- Relator(a)
- Morgana de Almeida Richa
- Órgão julgador
- 5ª Turma
- Data do julgamento
- 05/11/2025
- Data de publicação
- 12/11/2025
TST – Agravo em Agravo de Instrumento em Recurso de Revista 0000202-96.2024.5.14.0041, Rel.
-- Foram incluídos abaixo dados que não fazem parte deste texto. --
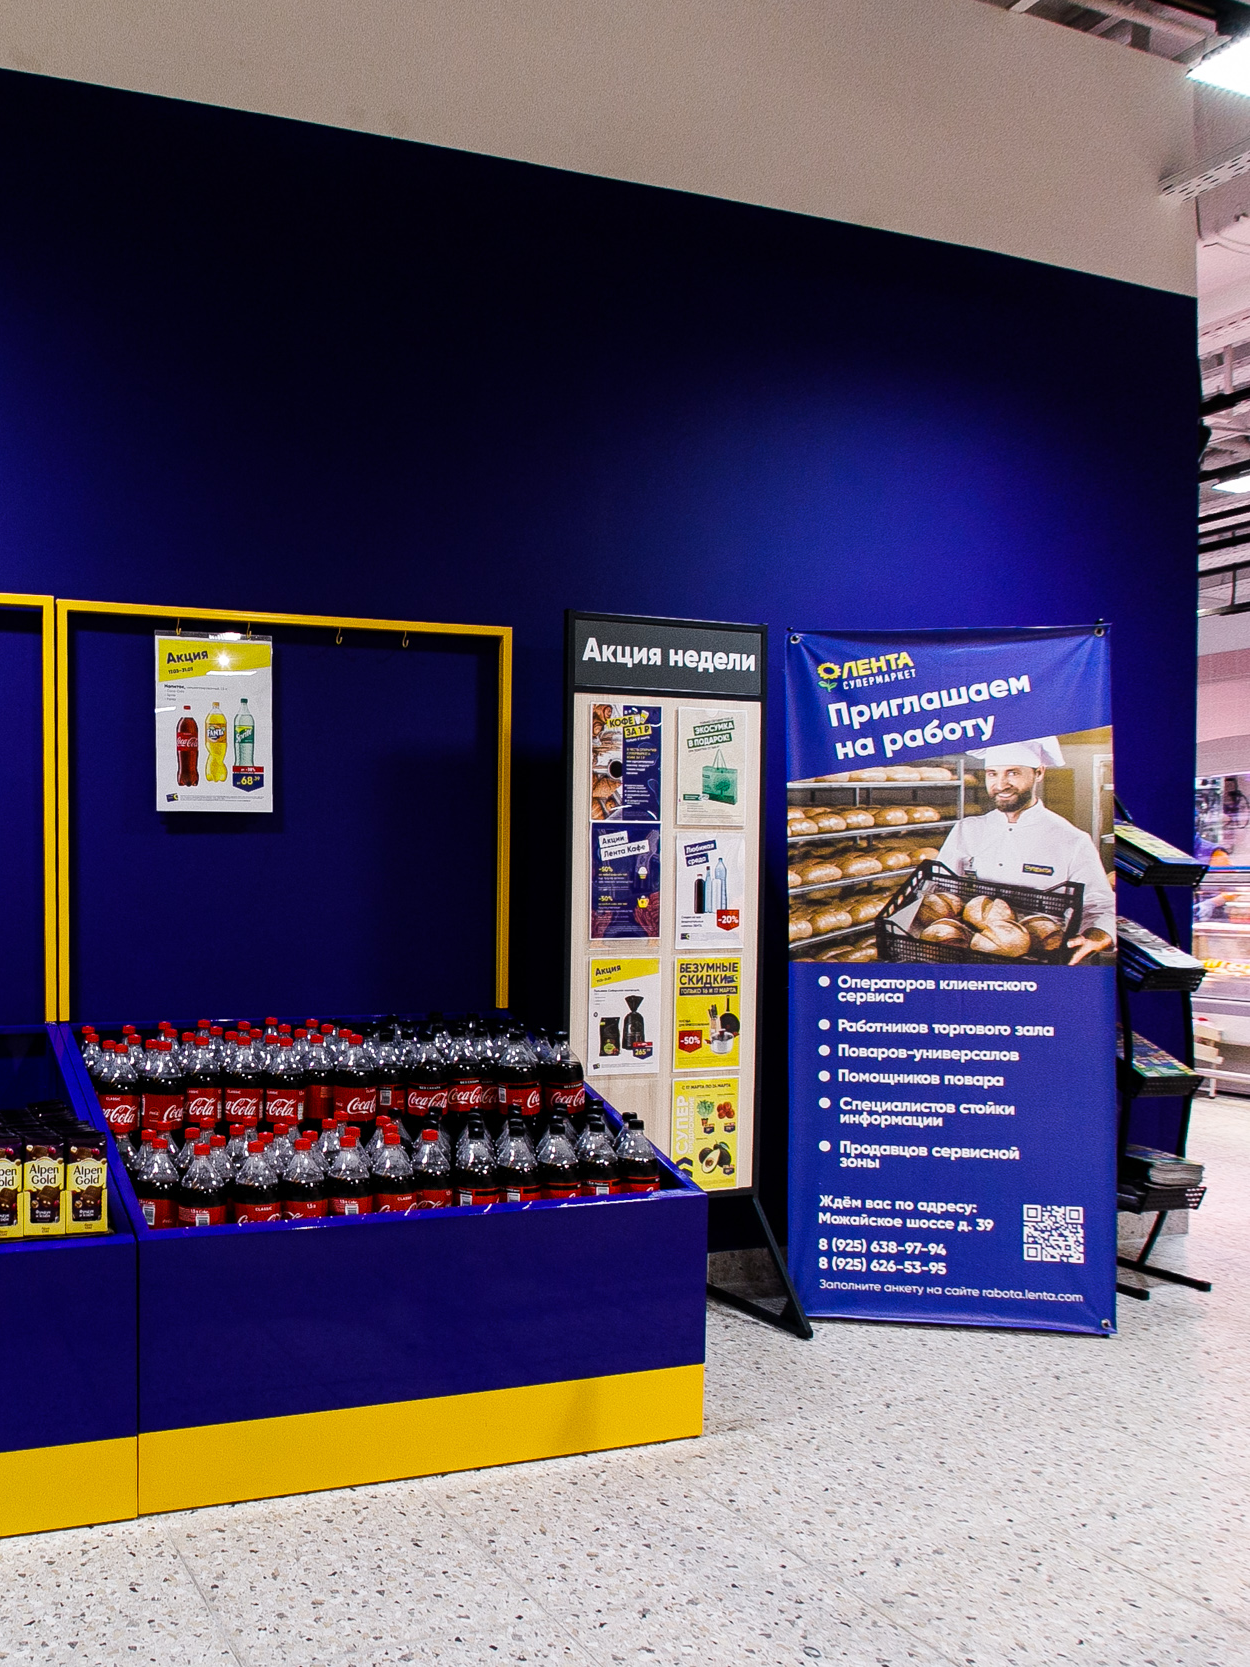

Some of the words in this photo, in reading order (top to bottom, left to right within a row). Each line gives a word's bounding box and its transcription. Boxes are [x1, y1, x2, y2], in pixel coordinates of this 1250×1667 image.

[167, 650, 209, 665] Акция
[582, 637, 662, 668] Акция
[669, 648, 756, 673] недели
[842, 651, 915, 679] ЛЕНТА
[843, 668, 916, 690] СУПЕРМАРКЕТ
[828, 675, 1031, 729] Приглашаем
[609, 717, 633, 728] КОФЕ
[694, 721, 734, 735] ЭКОСУМКА
[625, 728, 636, 736] ЗА
[638, 727, 643, 735] 1
[835, 736, 875, 760] на
[883, 715, 996, 758] работу
[694, 734, 730, 747] ПОДАРОК!
[602, 836, 625, 845] Акции
[604, 849, 626, 858] Лента
[687, 856, 707, 866] среда
[718, 915, 739, 924] -20%
[595, 965, 622, 976] Акция
[679, 962, 739, 974] БЕЗУМНЫЕ
[679, 974, 727, 987] СКИДКИ
[837, 975, 935, 992] Операторов
[939, 978, 1037, 992] клиентского
[837, 992, 904, 1005] сервиса
[838, 1018, 928, 1034] Работников
[932, 1023, 1011, 1037] торгового
[1015, 1025, 1055, 1037] зала
[680, 1036, 701, 1045] -50%
[838, 1044, 1020, 1062] Поваров-универсалов
[838, 1069, 940, 1085] Помощников
[944, 1075, 1004, 1089] повара
[839, 1097, 955, 1113] Специалистов
[959, 1102, 1016, 1116] стойки
[675, 1095, 689, 1155] СУПЕР
[840, 1112, 943, 1128] информации
[839, 1140, 928, 1157] Продавцов
[932, 1146, 1020, 1161] сервисной
[839, 1156, 880, 1168] зоны
[29, 1164, 60, 1176] Alpen
[73, 1164, 103, 1176] Alpen
[31, 1174, 57, 1185] Gold
[75, 1174, 100, 1185] Gold
[819, 1195, 861, 1210] Ждём
[866, 1199, 892, 1210] вас
[895, 1200, 914, 1211] по
[918, 1201, 977, 1215] адресу:
[818, 1212, 902, 1228] Можайское
[906, 1217, 954, 1230] шоссе
[958, 1219, 972, 1232] д.
[976, 1218, 994, 1232] 39
[818, 1239, 828, 1251] 8
[832, 1238, 867, 1253] (925)
[870, 1240, 947, 1256] 638-97-94
[818, 1257, 828, 1270] 8
[832, 1256, 867, 1272] (925)
[870, 1259, 947, 1275] 626-53-95
[819, 1279, 882, 1293] Заполните
[884, 1284, 924, 1296] анкету
[926, 1286, 942, 1295] на
[944, 1286, 980, 1297] сайте
[982, 1287, 1084, 1302] rabota.lenta.com
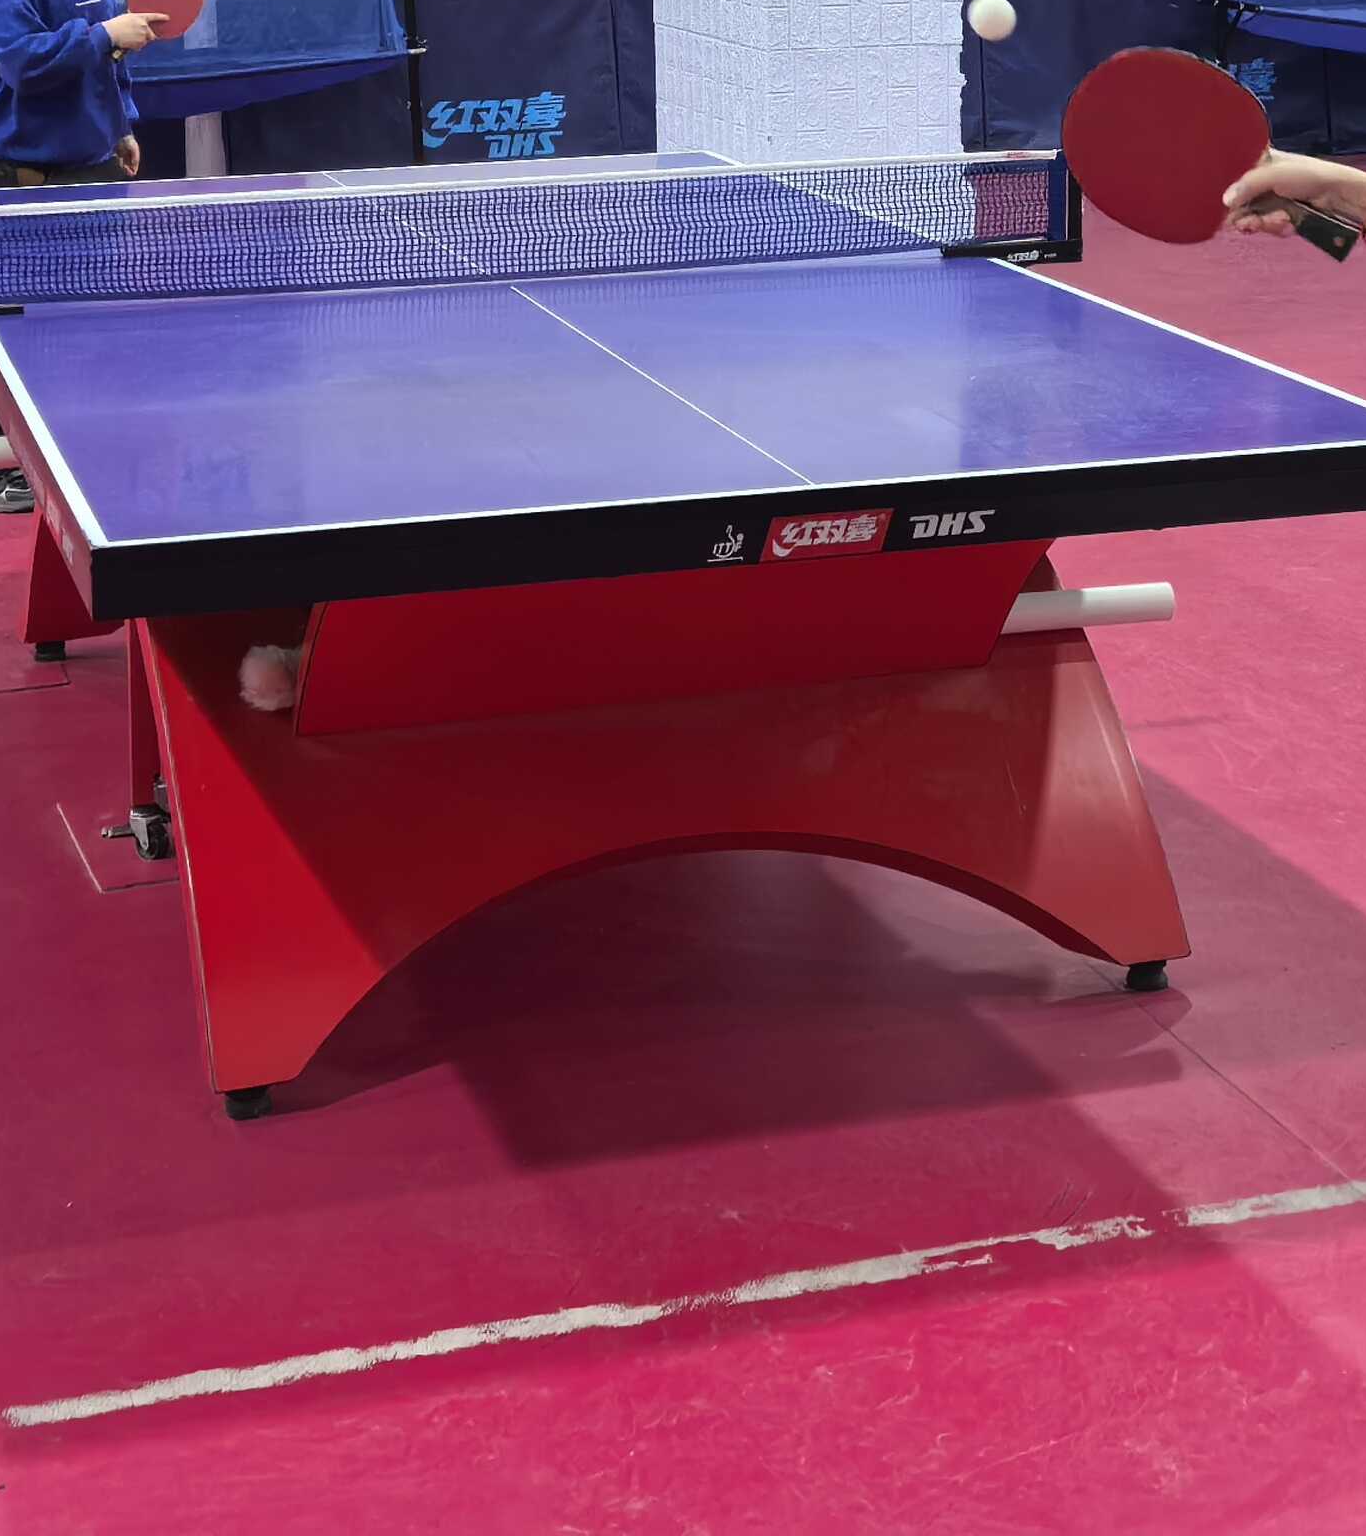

Morgana de Almeida Richa, 5ª Turma, j. 05/11/2025, p. 12/11/2025
EMENTA: AGRAVO EM AGRAVO DE INSTRUMENTO EM RECURSO DE REVISTA. ACÓRDÃO REGIONAL PUBLICADO NA VIGÊNCIA DA LEI Nº 13.467/2017. TERCEIRIZAÇÃO. LICITUDE. ATIVIDADE-FIM E ATIVIDADE-MEIO. EMPRESAS INTEGRANTES DO MESMO GRUPO ECONÔMICO. ENQUADRAMENTO. TRANSCENDÊNCIA NÃO RECONHECIDA. 1. O Supremo Tribunal Federal, no julgamento do Recurso Extraordinário com Agravo nº 791.932 RG (Tema 739), fixou, com eficácia “erga omnes” e efeito vinculante, a seguinte tese: "é nula a decisão de órgão fracionário que se recusa a aplicar o art. 94, II, da Lei 9.472/1997, sem observar a cláusula de reserva de Plenário (CF, art. 97), observado o art. 949 do Código de Processo Civil". 2. Concluiu-se, diante do pronunciamento do STF sobre a licitude, em geral, da terceirização em atividade-fim, na ADPF nº 324 e no Recurso Extraordinário nº 958.252/MG RG, pela desnecessidade de determinar-se a devolução dos autos ao Pleno do TST, para observância da cláusula de reserva de plenário. 3. No caso, inexiste elemento fático que implique “distinguishing” em relação ao decidido pelo STF , razão pela qual impossível a concessão de direitos e benefícios normativos inerentes à categoria dos bancários. Mantém-se a decisão recorrida. Agravo conhecido e desprovido. (Tribunal Superior do Trabalho (5ª Turma). Acórdão: 0000202-96.2024.5.14.0041. Relator(a): MORGANA DE ALMEIDA RICHA. Data de julgamento: 05/11/2025. Juntado aos autos em 12/11/2025.)